▶ [What is required] Transcribe every line below exactly; no image goes into the output.

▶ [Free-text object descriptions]
===
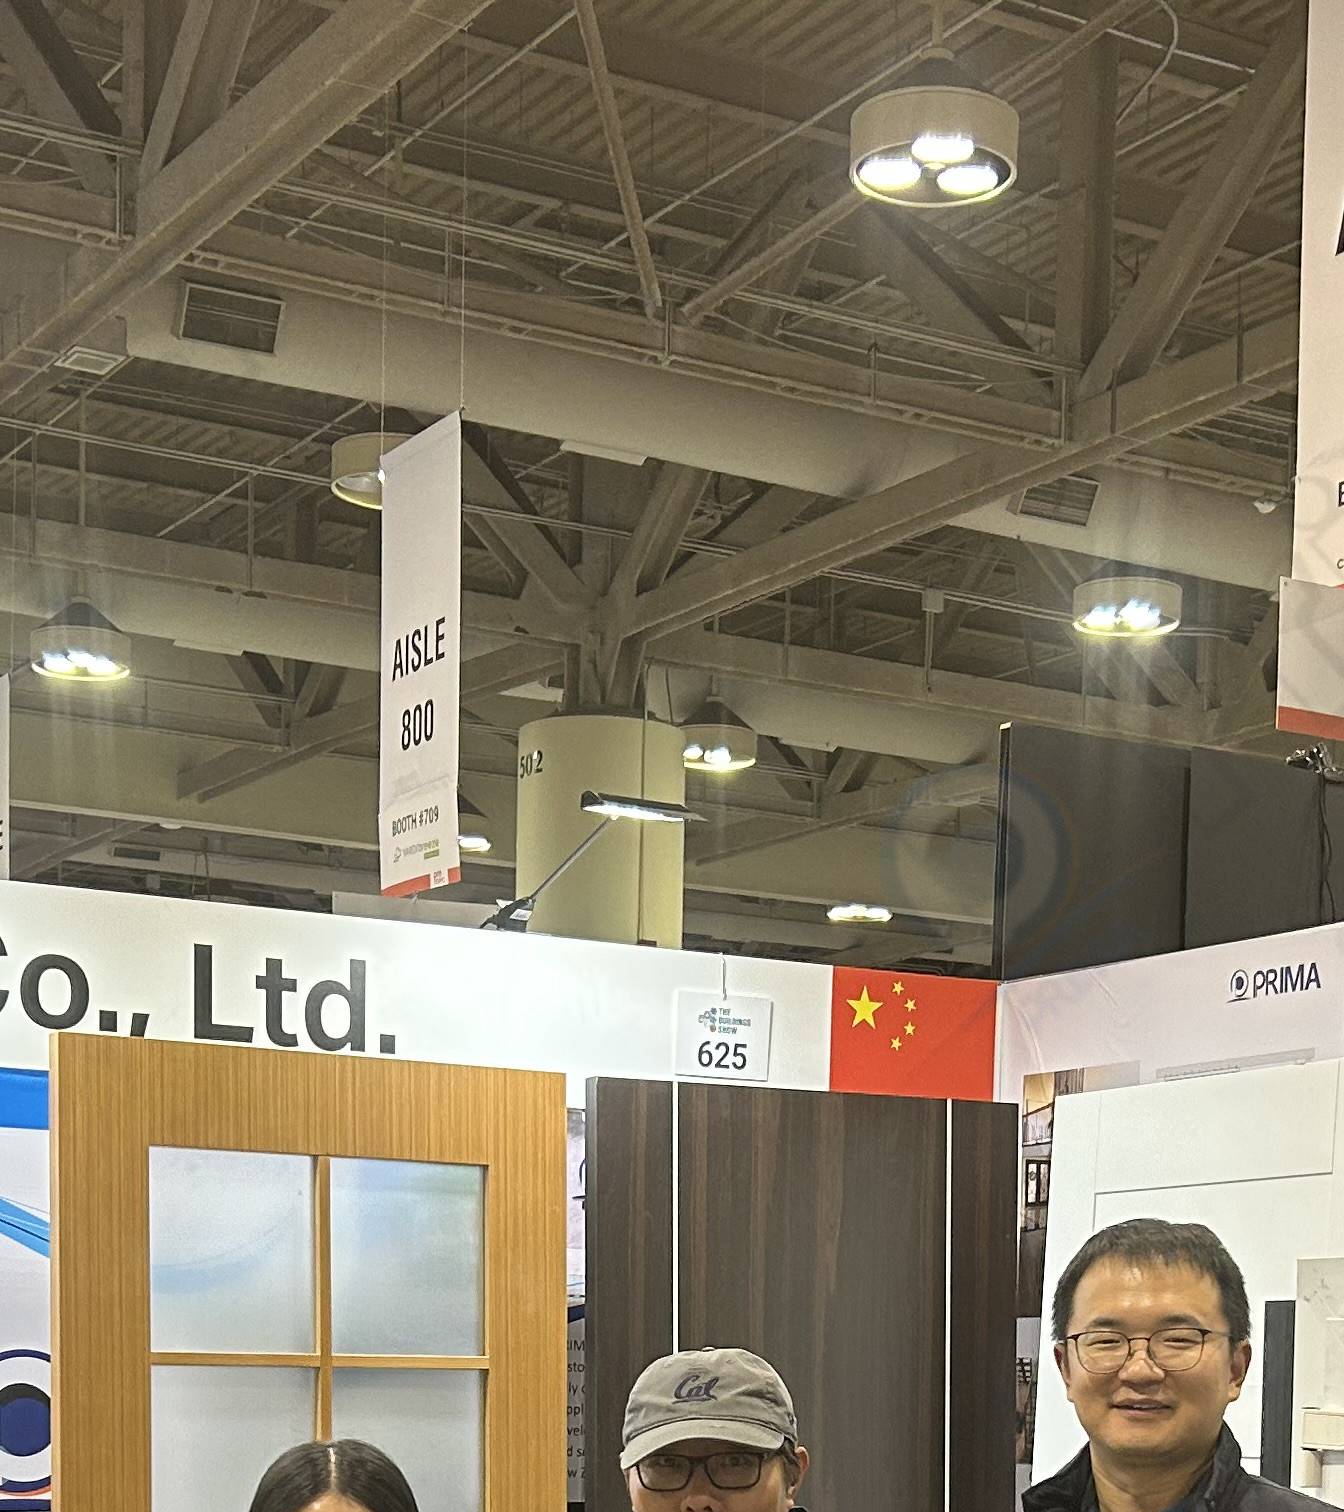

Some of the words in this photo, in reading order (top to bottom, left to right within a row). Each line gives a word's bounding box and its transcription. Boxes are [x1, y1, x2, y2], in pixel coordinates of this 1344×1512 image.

[392, 616, 446, 682] AISLE
[401, 699, 434, 751] 800
[519, 750, 543, 779] 502
[391, 812, 417, 837] BOOTH
[418, 805, 439, 827] #709
[1253, 962, 1322, 998] PRIMA
[193, 944, 396, 1055] Ltd.
[698, 1041, 747, 1070] 625
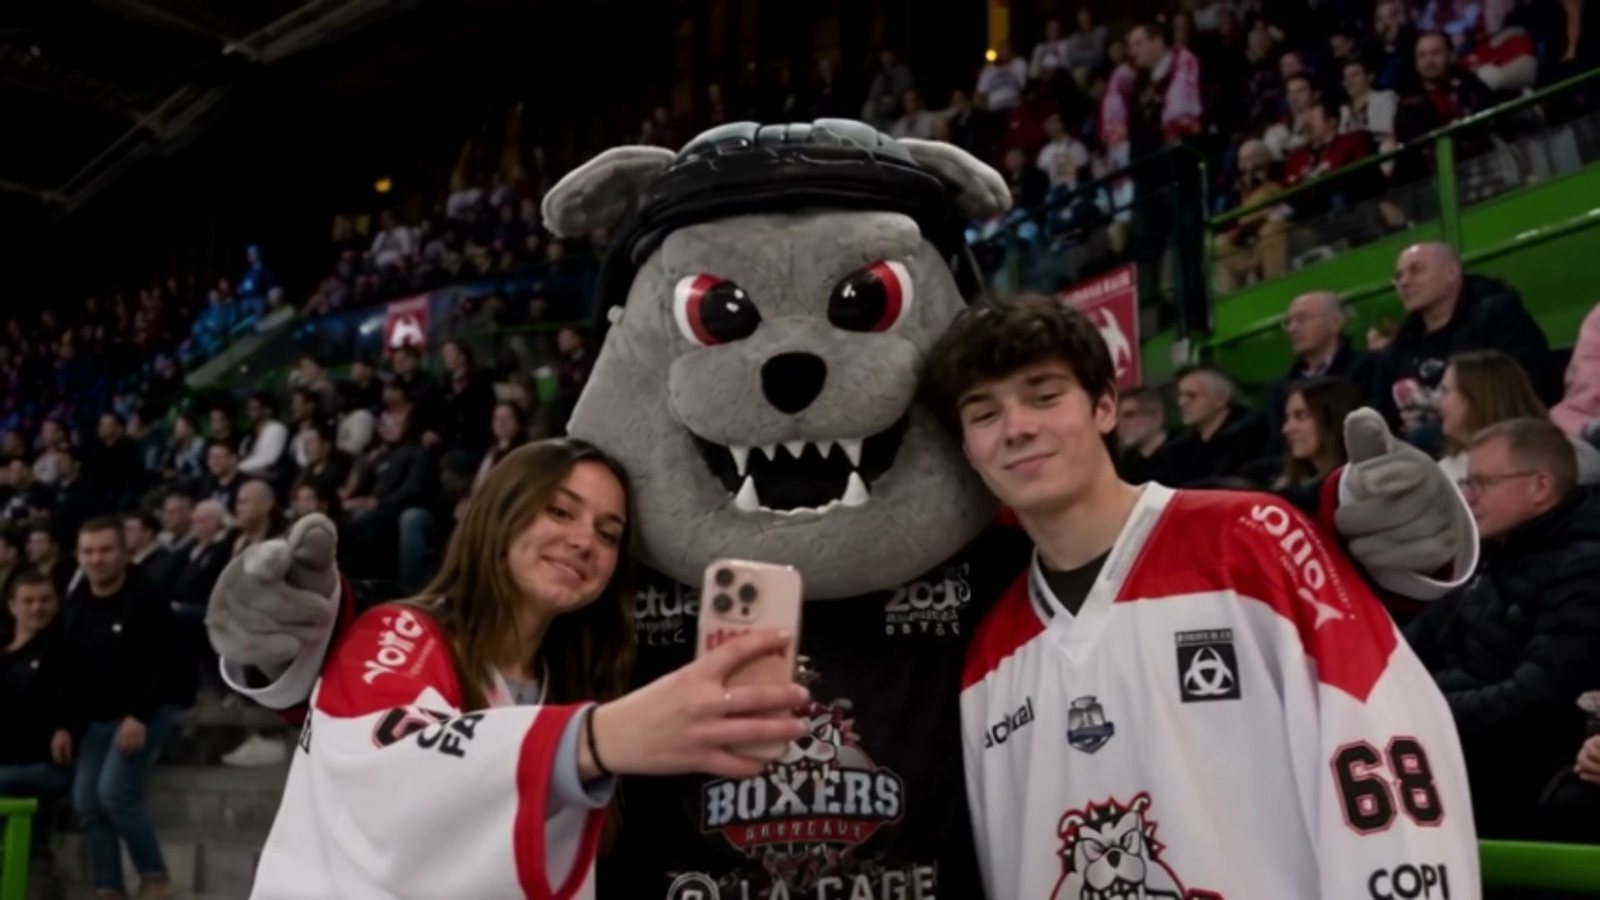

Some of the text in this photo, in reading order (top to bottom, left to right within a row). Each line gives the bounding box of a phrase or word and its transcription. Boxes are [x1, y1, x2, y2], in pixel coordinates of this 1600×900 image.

[707, 771, 902, 826] BOXERS
[1330, 736, 1444, 835] 68
[816, 865, 937, 900] CAGE
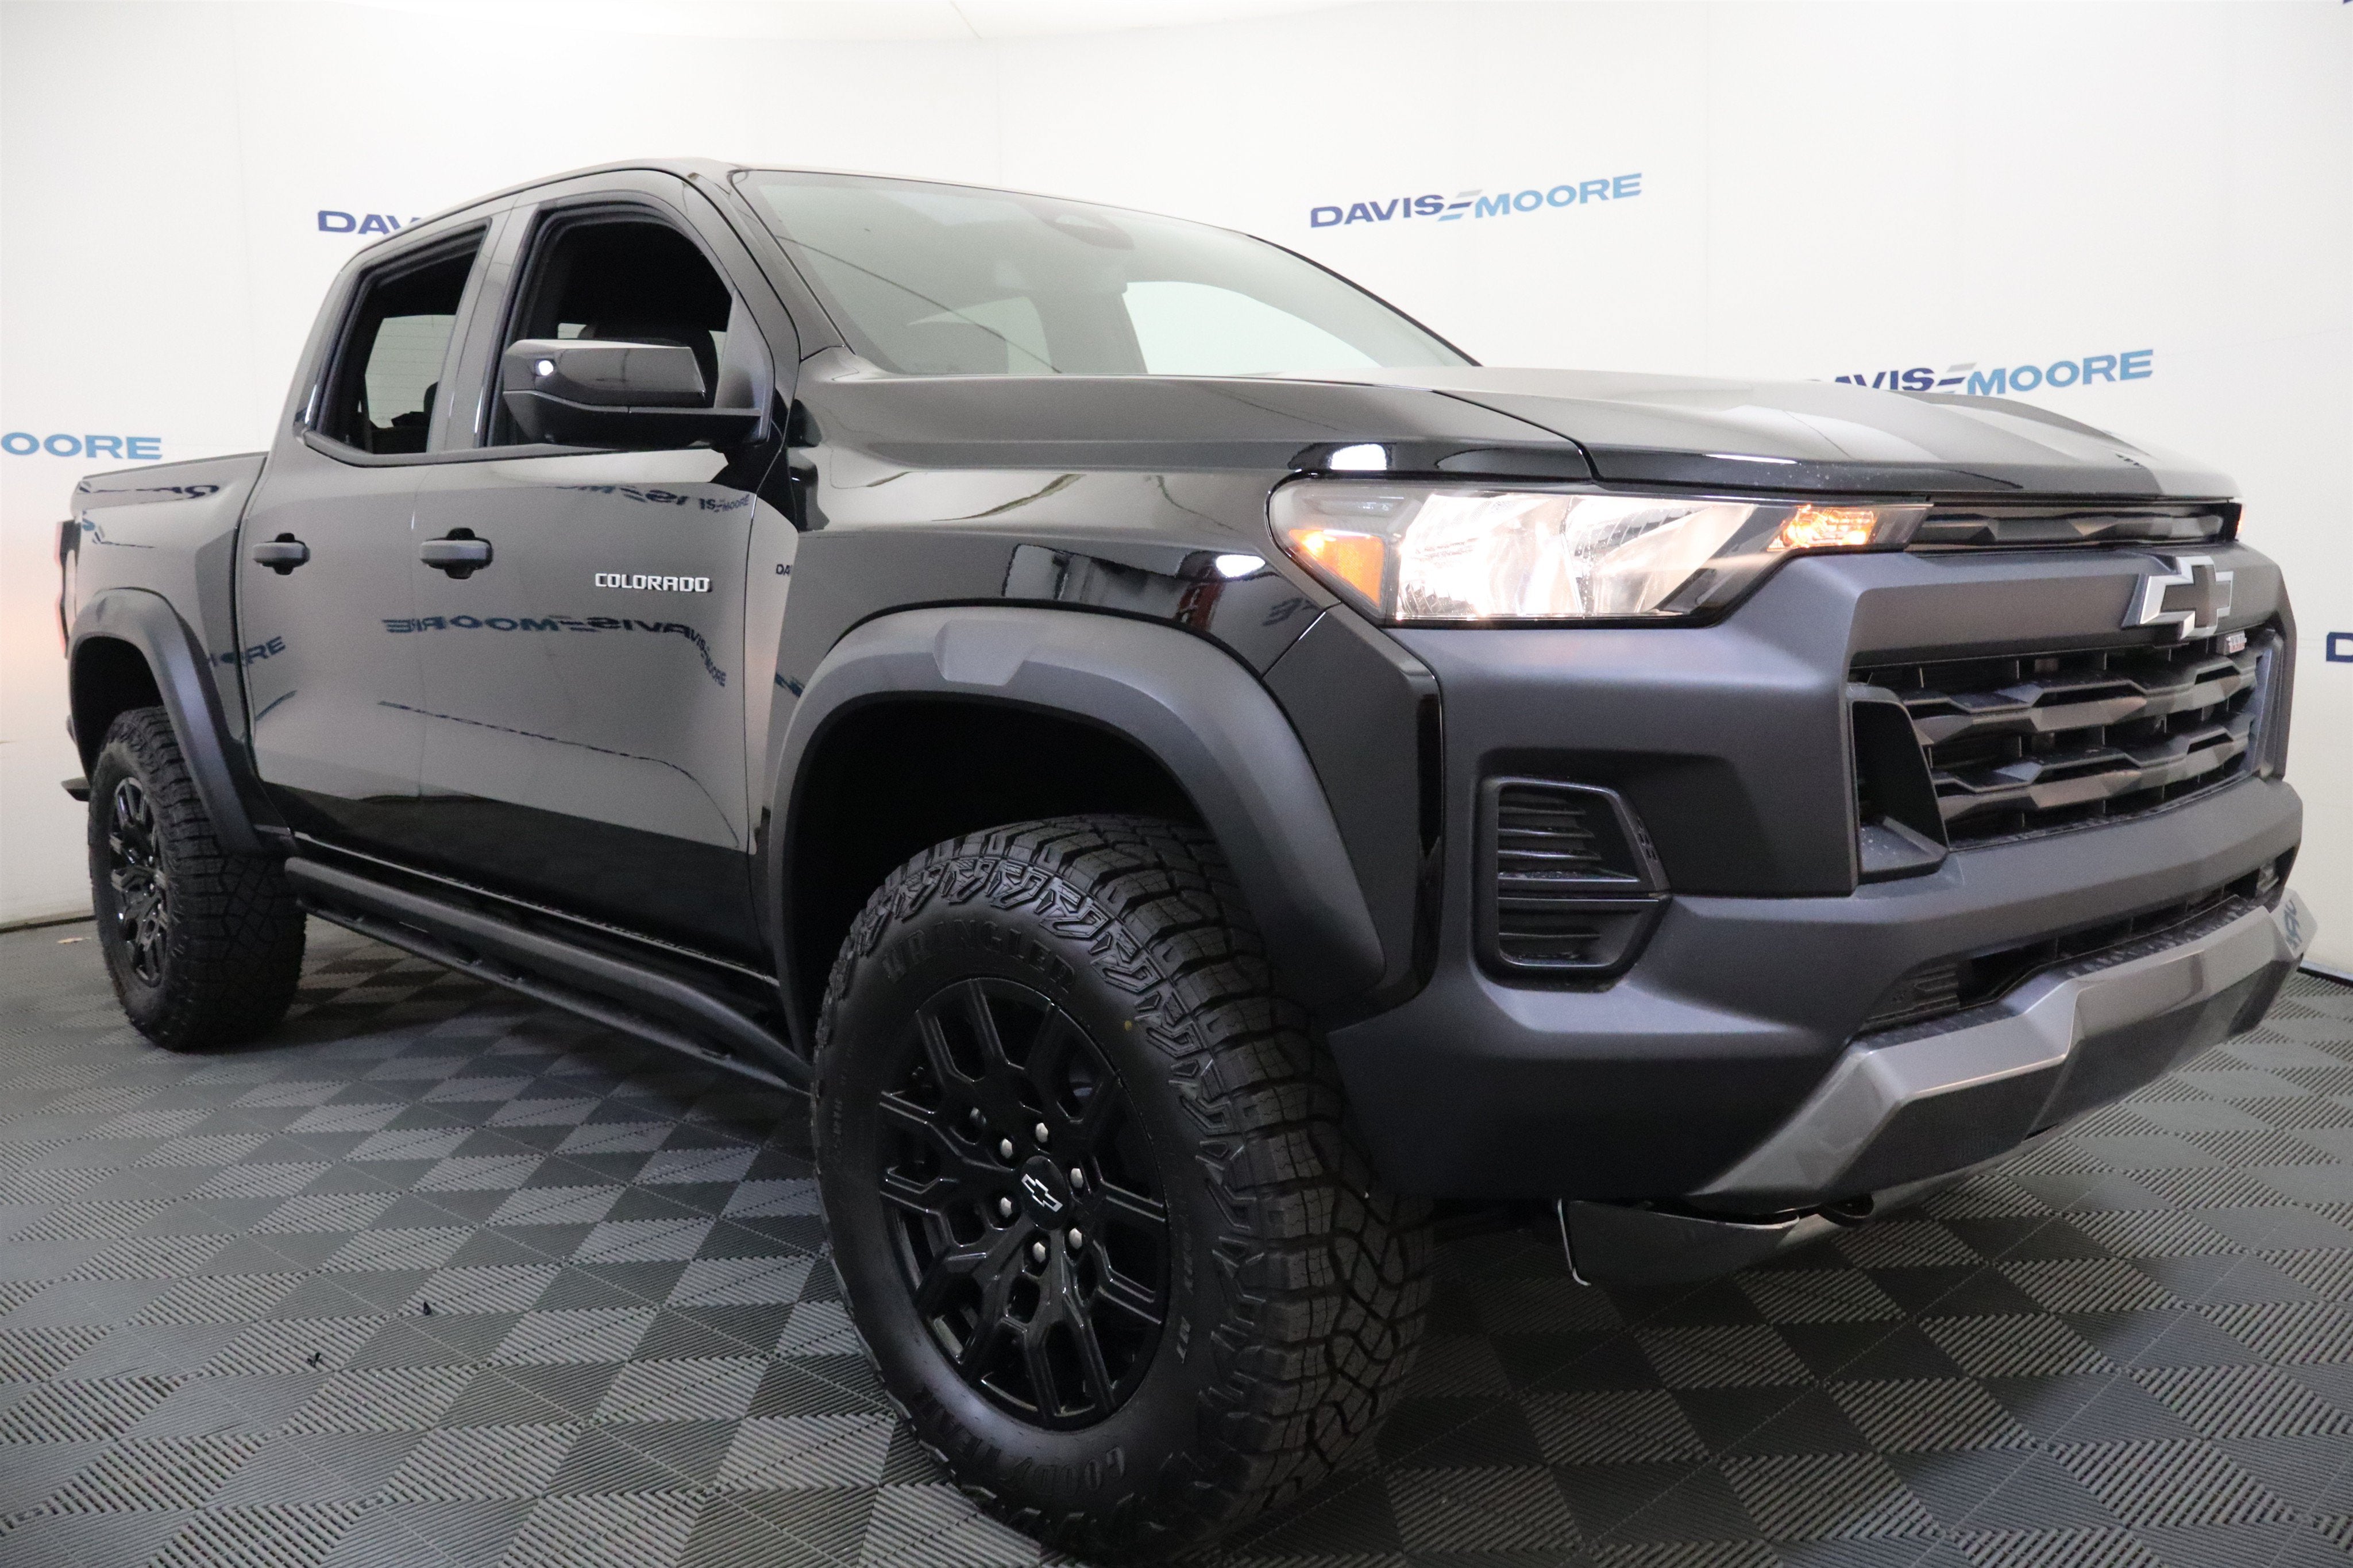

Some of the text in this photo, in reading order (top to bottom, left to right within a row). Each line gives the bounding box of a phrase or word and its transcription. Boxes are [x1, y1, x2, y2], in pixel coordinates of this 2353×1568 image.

[1310, 172, 1642, 229] DAVIS MOORE
[1808, 349, 2154, 396] VIS MOORE
[1, 432, 163, 460] OORE
[595, 573, 711, 593] COLORADO
===
▶ [Written answer]
Some of the words in this photo, in reading order (top to bottom, left to right within a row). Each line gives a word's bounding box and its transcription. Boxes are [x1, y1, x2, y2], in pixel coordinates of this 1344×1512 image.

[392, 616, 446, 682] AISLE
[401, 699, 434, 751] 800
[519, 750, 543, 779] 502
[391, 812, 417, 837] BOOTH
[418, 805, 439, 827] #709
[1253, 962, 1322, 998] PRIMA
[193, 944, 396, 1055] Ltd.
[698, 1041, 747, 1070] 625

Some of the text in this photo, in reading order (top to bottom, left to right within a row). Each line gives the bounding box of a phrase or word and its transcription. Boxes are [x1, y1, x2, y2], in pixel coordinates of this 1600×900 image.

[707, 771, 902, 826] BOXERS
[1330, 736, 1444, 835] 68
[816, 865, 937, 900] CAGE

Some of the text in this photo, in reading order (top to bottom, left to right within a row). Each line gives the bounding box of a phrase or word and its transcription. Boxes are [x1, y1, x2, y2], in pixel coordinates of this 2353×1568 image.

[1310, 172, 1642, 229] DAVIS MOORE
[1808, 349, 2154, 396] VIS MOORE
[1, 432, 163, 460] OORE
[595, 573, 711, 593] COLORADO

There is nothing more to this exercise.